** Opening Material for the task block **
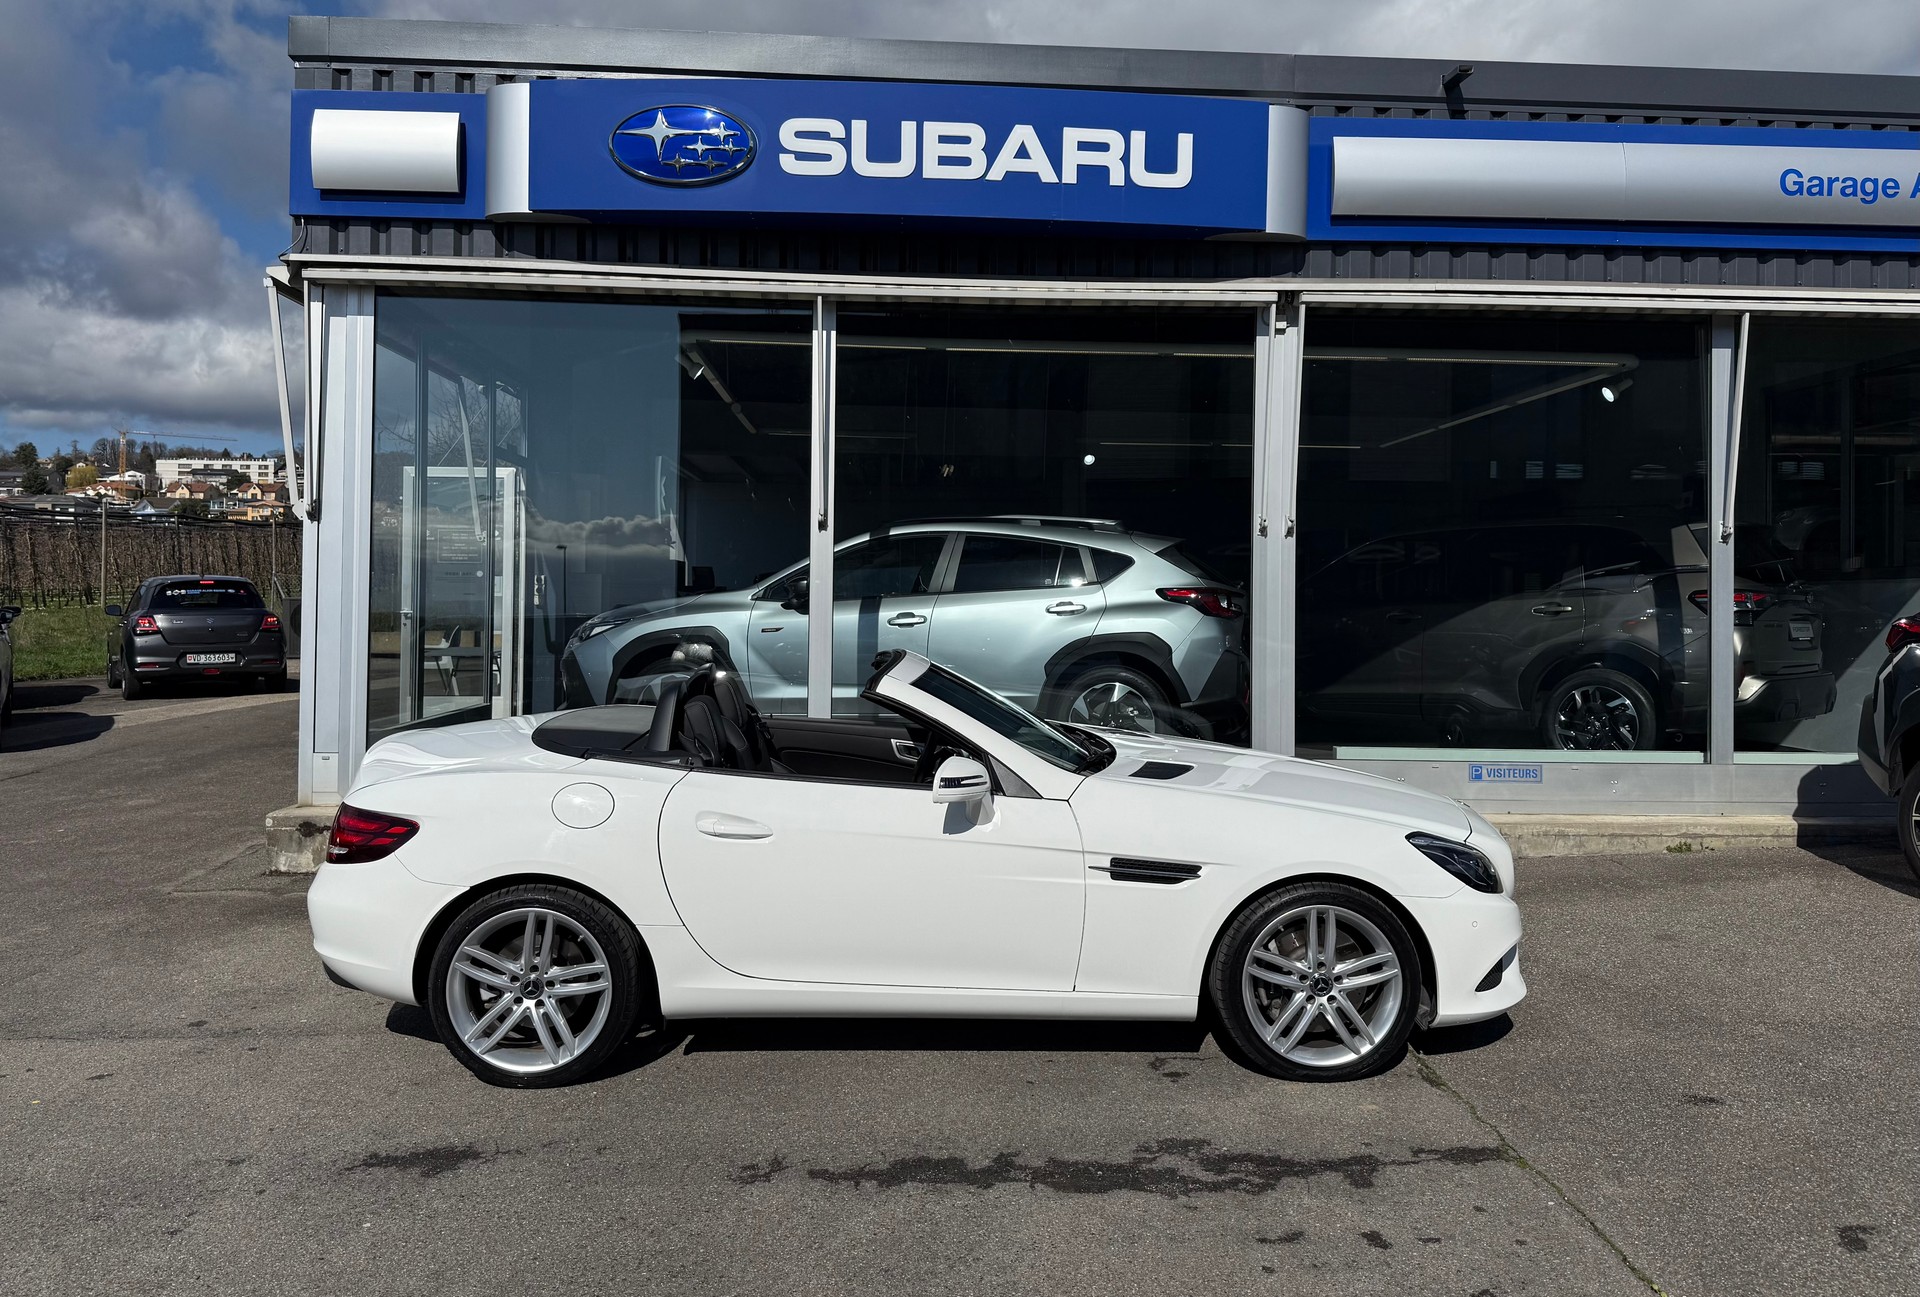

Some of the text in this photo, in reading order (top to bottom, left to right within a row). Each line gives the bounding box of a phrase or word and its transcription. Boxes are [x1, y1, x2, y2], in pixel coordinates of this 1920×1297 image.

[779, 117, 1194, 189] SUBARU
[1780, 168, 1900, 205] Garage
[192, 653, 230, 662] VD 363603
[1486, 768, 1538, 779] VISITEURS
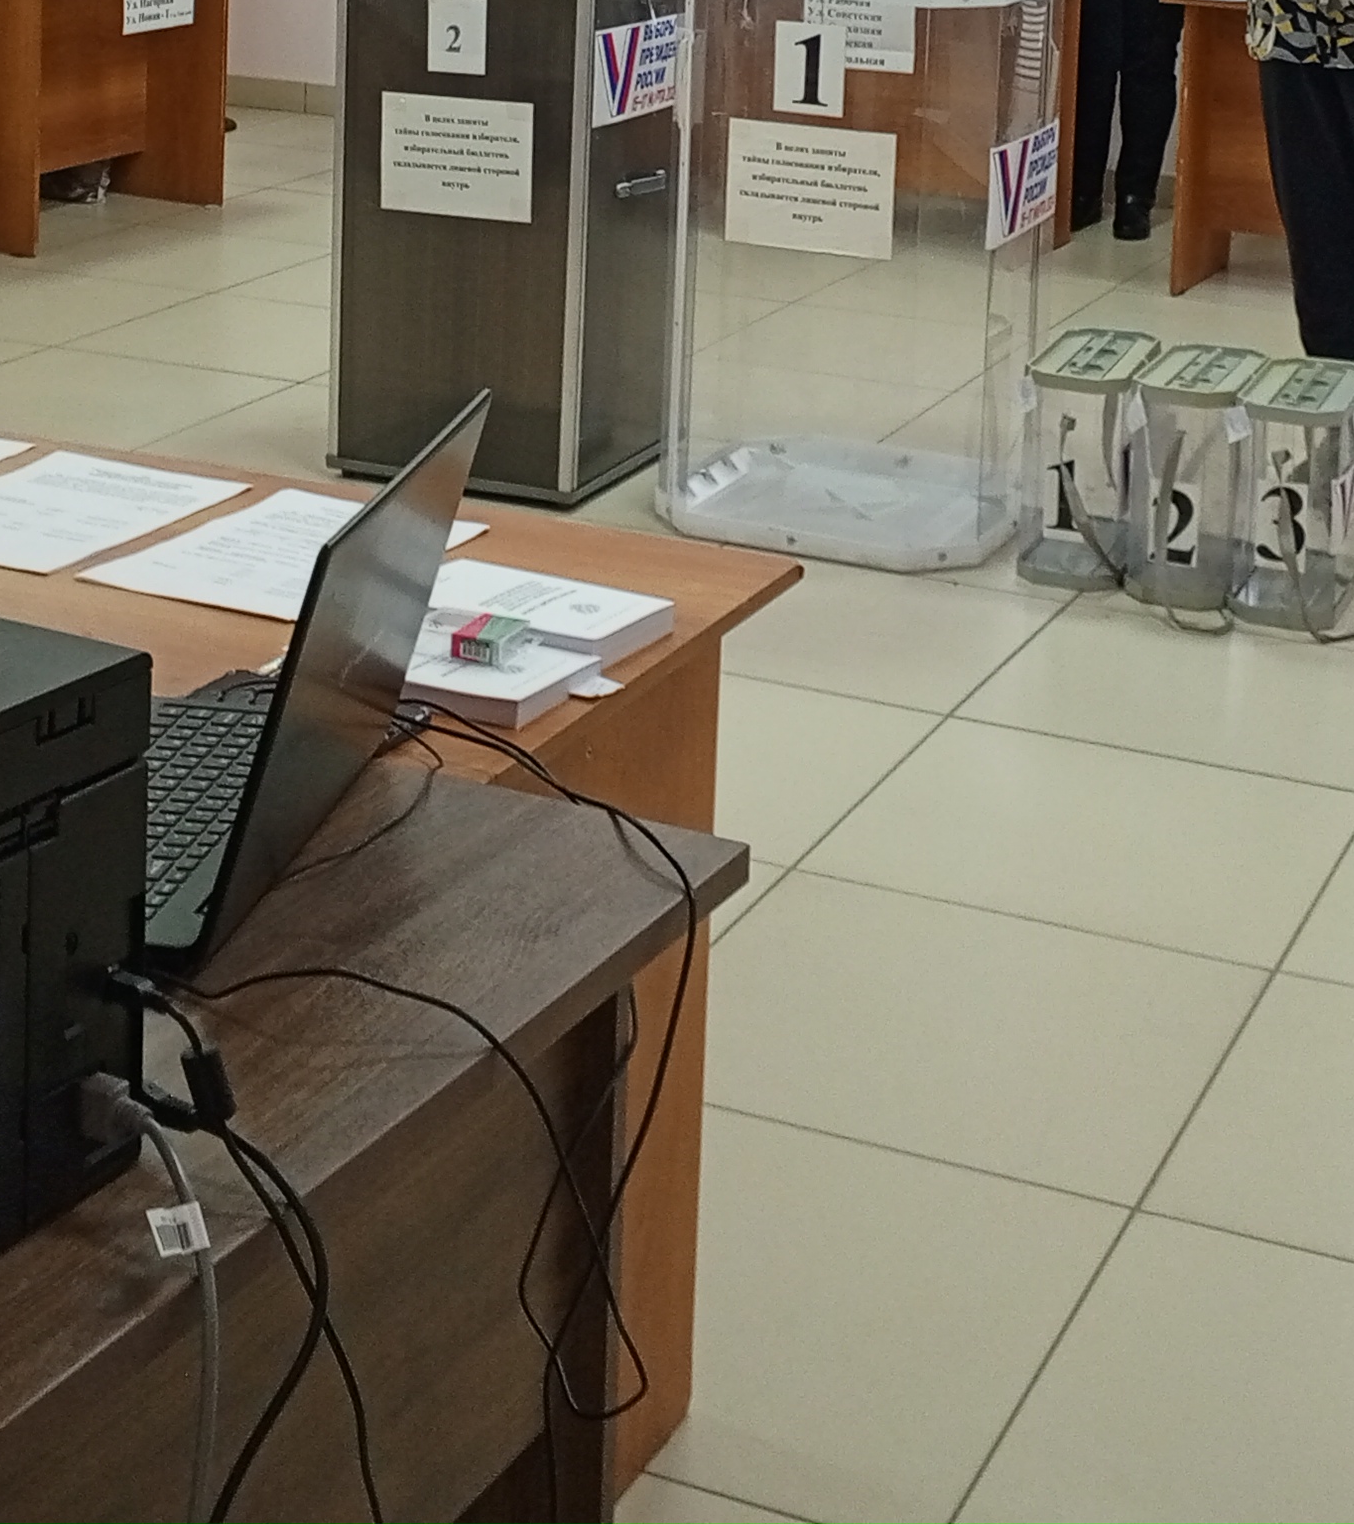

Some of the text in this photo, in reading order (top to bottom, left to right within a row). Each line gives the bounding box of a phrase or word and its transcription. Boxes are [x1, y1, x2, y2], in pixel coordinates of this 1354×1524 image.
** Closing Material for the task block **
### Work order
Return every line of the records exactly as given, pictures excluded.

### Written solution
Some of the text in this photo, in reading order (top to bottom, left to right within a row). Each line gives the bounding box of a phrase or word and its transcription. Boxes are [x1, y1, x2, y2], in pixel coordinates of this 1920×1297 image.

[779, 117, 1194, 189] SUBARU
[1780, 168, 1900, 205] Garage
[192, 653, 230, 662] VD 363603
[1486, 768, 1538, 779] VISITEURS

Some of the text in this photo, in reading order (top to bottom, left to right within a row). Each line gives the bounding box of a phrase or word and its transcription. Boxes are [x1, y1, x2, y2], in pixel coordinates of this 1354×1524 image.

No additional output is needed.